Monotonous tasks create low-wage labor and provide little advancement opportunities for people that hold these jobs. Automation provides for the ability to reduce monotonous tasks while promoting skilled labor and increasing the ability for a company to pay higher wages through increased efficiency by automation. This higher efficiency complements the labor force in the organization by making them more productive and often having higher morale while working due to higher pay and more meaning within their work.

How can data visualization identify trends?

Data visualization is the process of displaying information into a graph, chart, dashboard, or report and is a key component towards proper interpretation of the information available. Though trends and correlations can be calculated without visualization, visualizations provide a much more efficient way to identify what is needed to be calculated and explored. It is also easier to communicate trends to other people or in presentations when the information has visualized into the proper graph.

When should I use data visualization?

Almost every organization is able to benefit from data visualization in their operations or their sales. I recommend exploring data visualization and seeing whether there is an efficiency to be gained through the following situations:
  • Reports are generated on a daily, weekly, or monthly basis for management
  • Looking to expand territory to new market or looking for a new location to build
  • Customer retention is trending downward
  • Prospects have many structural questions in sales presentations

What philosophy does Heroic Hippo use for when to automate something?

Data should be informational and should lead a company towards decision making.  There should be a cost analysis when choosing to automate a process where a payback period is calculated.
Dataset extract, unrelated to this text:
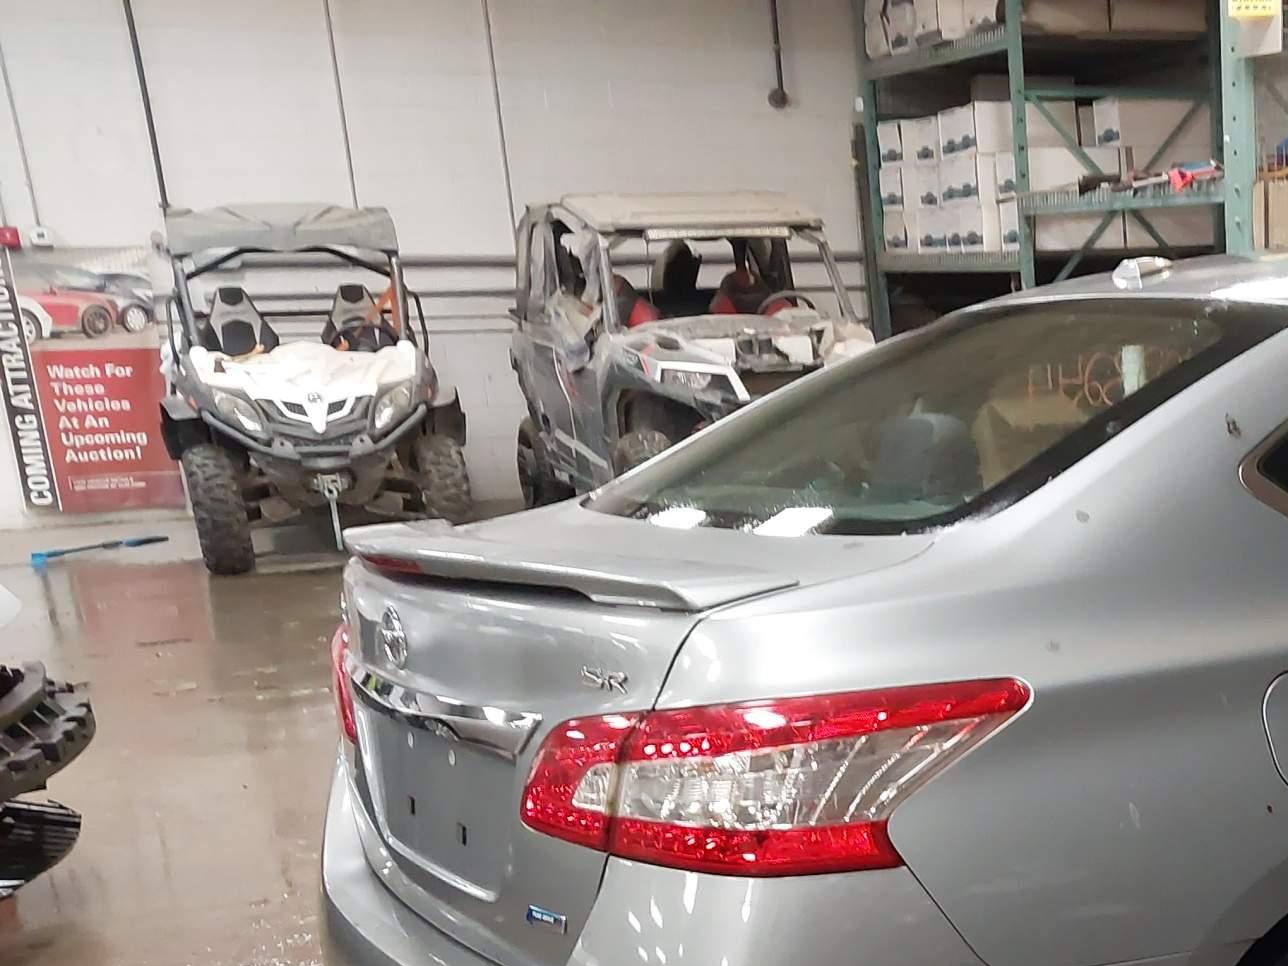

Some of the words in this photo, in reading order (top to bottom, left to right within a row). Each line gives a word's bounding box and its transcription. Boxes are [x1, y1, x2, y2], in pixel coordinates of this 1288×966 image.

Automation should not be used where human interaction can prevent large unnecessary issues. A quality control team who understands expected automation outputs should be implemented to ensure results meet standards held by the company. Evaluation of automation should be performed on a yearly basis to identify cost savings and additional opportunities to enhance current automation with new technology.  

What languages does Heroic Hippo use for development of automation?

Heroic Hippo has the capabilities to run full-stack development to develop automation and visualization for furthering an organizations efficiency and understanding. The primary languages we use are related to analytics and efficient languages for processing of data. Those languages are Python, R, DAX, and JavaScript.